Tuesday, March 27, 2012

Hot Pepper Jelly

I have not been posting much lately, partly because I have not been making much new food.
And because I have been busy with other things, notably my husband turned 60 last week.
Some dear friends hosted a surprise party at their home. It was a blast !!
Here's a photo of the cake, chocolate cake, of course, from The Buttery. One chocoholic pronounced one of the best chocolate cakes he had even, I would agree, the secret was the ganache filling and frosting.

I did make hot pepper jelly this last weekend. I made it from some red bell peppers and hot pepper I had frozen last fall.
I find this works quite well. I really prefer my produce local thus in season so I do a lot of freezing when things are cheap and fresh from my farmer's market. For this jelly I freeze one recipe's worth of peppers per bag.


Hot Pepper Jelly
This cheery sweet, sour and hot jelly is a classic served over cream cheese with crackers or bread. It is also great on bagels, burritos or quesadillas. You can use it in salad dressing, in sauces or marinades. This jelly makes a wonderful gift.

Ingredients
2 red bell peppers chopped and seeded
4-7 hot red peppers, chopped, leave in as many seeds as needed for desired hotness
1 1/2 cup white vinegar
6 cups sugar
1 pouch of liquid pectin
Besides both kinds of peppers, you will need pectin, sugar and white vinegar.


1) Place all the chopped peppers and 1/2 cup vinegar in the food processor, whiz until blended.

2) Pour mixture into large pot, use the 1 cup remaining vinegar to rinse the food processor. Add to pot along with one pouch liquid pectin.

3)  Stir and heat over high flame until it begins to boil.

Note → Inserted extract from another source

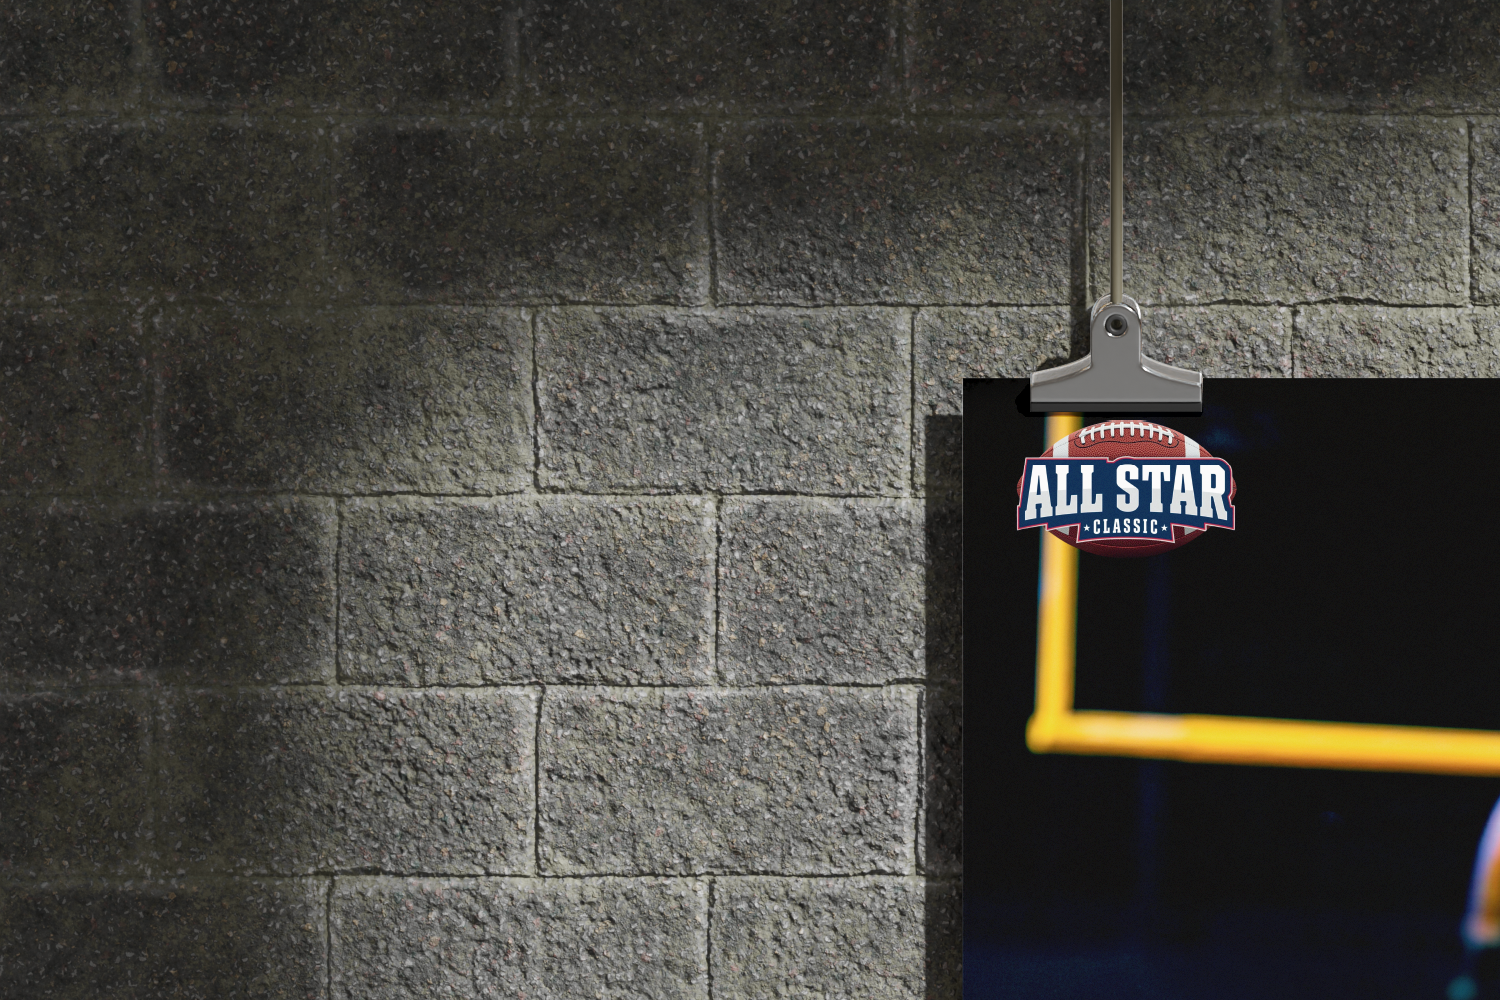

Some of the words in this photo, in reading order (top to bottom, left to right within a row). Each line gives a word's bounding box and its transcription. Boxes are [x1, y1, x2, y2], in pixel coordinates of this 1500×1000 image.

[1024, 464, 1103, 521] ALL
[1115, 463, 1228, 521] STAR
[1092, 518, 1159, 535] CLASSIC

4) Once it is at a full rolling boil add 6 cups of sugar and stir well.
5) Once this comes to a boil, time for 1 minute. 
6) Remove from heat and let sit for 5 minutes before canning. This allows the bits of pepper to settle into the jelly and keeps them from all rising to the top of the jar.
7) Do the whole canning magic thing with sterilized jars, lids and canning kettle.
8) Do the hot water bath for 5 minutes, remove jars and allow to cool, check seals and store.